Nothing but the line holding "this 1500×2000 image." and the lines after it, through the end of the records, should be set down, each exactly as it is.

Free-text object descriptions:
━━━━

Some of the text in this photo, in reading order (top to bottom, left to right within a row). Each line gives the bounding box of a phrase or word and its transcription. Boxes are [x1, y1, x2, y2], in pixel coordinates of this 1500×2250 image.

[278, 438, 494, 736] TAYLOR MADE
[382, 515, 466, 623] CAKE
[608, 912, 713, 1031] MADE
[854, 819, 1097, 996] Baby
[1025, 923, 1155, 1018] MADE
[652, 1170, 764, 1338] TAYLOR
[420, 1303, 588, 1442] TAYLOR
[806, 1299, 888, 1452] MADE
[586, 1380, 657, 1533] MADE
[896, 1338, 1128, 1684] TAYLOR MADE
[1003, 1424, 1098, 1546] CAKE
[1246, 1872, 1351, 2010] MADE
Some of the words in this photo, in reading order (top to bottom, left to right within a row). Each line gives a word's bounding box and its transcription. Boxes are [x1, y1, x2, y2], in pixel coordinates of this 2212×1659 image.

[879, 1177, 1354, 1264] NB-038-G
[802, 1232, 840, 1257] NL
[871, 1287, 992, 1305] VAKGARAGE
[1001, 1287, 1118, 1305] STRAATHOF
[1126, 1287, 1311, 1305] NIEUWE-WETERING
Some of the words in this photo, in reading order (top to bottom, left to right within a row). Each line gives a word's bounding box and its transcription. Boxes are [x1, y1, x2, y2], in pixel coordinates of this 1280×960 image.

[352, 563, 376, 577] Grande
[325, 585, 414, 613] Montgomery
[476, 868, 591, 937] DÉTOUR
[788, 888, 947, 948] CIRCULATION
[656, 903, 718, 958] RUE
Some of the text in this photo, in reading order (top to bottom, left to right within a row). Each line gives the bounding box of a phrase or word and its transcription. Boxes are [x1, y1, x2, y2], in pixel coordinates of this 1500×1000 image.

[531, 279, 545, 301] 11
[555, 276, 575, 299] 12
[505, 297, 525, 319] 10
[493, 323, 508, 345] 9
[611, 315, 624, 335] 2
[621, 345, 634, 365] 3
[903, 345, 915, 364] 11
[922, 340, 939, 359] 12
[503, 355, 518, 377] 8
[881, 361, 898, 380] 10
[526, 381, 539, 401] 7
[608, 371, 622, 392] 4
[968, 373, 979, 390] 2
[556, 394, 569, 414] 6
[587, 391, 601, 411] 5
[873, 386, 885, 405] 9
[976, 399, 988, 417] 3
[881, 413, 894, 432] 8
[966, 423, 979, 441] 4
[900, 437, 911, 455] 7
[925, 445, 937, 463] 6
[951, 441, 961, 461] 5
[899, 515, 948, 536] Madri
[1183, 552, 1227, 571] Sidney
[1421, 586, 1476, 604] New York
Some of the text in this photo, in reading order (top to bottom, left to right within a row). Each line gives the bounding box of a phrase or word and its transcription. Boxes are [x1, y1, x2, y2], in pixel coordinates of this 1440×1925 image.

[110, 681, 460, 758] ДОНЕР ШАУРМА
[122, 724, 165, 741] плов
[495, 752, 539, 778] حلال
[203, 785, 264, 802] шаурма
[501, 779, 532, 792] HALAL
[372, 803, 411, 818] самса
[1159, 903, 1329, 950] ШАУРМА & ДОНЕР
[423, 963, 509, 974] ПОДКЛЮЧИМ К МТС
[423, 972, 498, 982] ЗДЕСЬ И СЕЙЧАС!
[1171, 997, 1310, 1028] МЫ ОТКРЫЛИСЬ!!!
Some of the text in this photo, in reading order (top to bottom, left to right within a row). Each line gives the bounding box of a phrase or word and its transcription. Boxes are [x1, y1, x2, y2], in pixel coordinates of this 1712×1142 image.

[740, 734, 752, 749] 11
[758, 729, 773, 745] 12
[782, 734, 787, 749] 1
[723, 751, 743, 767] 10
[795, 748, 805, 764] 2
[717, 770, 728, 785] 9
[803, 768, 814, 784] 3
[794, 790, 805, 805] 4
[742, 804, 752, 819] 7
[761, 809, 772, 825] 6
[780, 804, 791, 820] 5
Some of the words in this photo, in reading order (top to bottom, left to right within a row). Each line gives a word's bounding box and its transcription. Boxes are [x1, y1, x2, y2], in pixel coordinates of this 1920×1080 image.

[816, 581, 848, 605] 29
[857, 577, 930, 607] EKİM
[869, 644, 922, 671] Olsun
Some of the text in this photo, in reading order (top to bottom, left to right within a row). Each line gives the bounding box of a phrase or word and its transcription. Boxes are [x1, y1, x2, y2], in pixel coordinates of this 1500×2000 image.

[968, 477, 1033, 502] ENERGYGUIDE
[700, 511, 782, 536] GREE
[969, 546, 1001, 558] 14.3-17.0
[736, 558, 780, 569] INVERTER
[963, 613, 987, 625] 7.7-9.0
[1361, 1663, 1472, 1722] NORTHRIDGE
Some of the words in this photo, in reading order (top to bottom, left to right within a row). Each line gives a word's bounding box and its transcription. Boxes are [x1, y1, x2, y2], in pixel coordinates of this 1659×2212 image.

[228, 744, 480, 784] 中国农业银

━━━━

**REPLY:**
Some of the text in this photo, in reading order (top to bottom, left to right within a row). Each line gives the bounding box of a phrase or word and its transcription. Boxes are [x1, y1, x2, y2], in pixel coordinates of this 1500×2000 image.

[968, 477, 1033, 502] ENERGYGUIDE
[700, 511, 782, 536] GREE
[969, 546, 1001, 558] 14.3-17.0
[736, 558, 780, 569] INVERTER
[963, 613, 987, 625] 7.7-9.0
[1361, 1663, 1472, 1722] NORTHRIDGE
Some of the words in this photo, in reading order (top to bottom, left to right within a row). Each line gives a word's bounding box and its transcription. Boxes are [x1, y1, x2, y2], in pixel coordinates of this 1659×2212 image.

[228, 744, 480, 784] 中国农业银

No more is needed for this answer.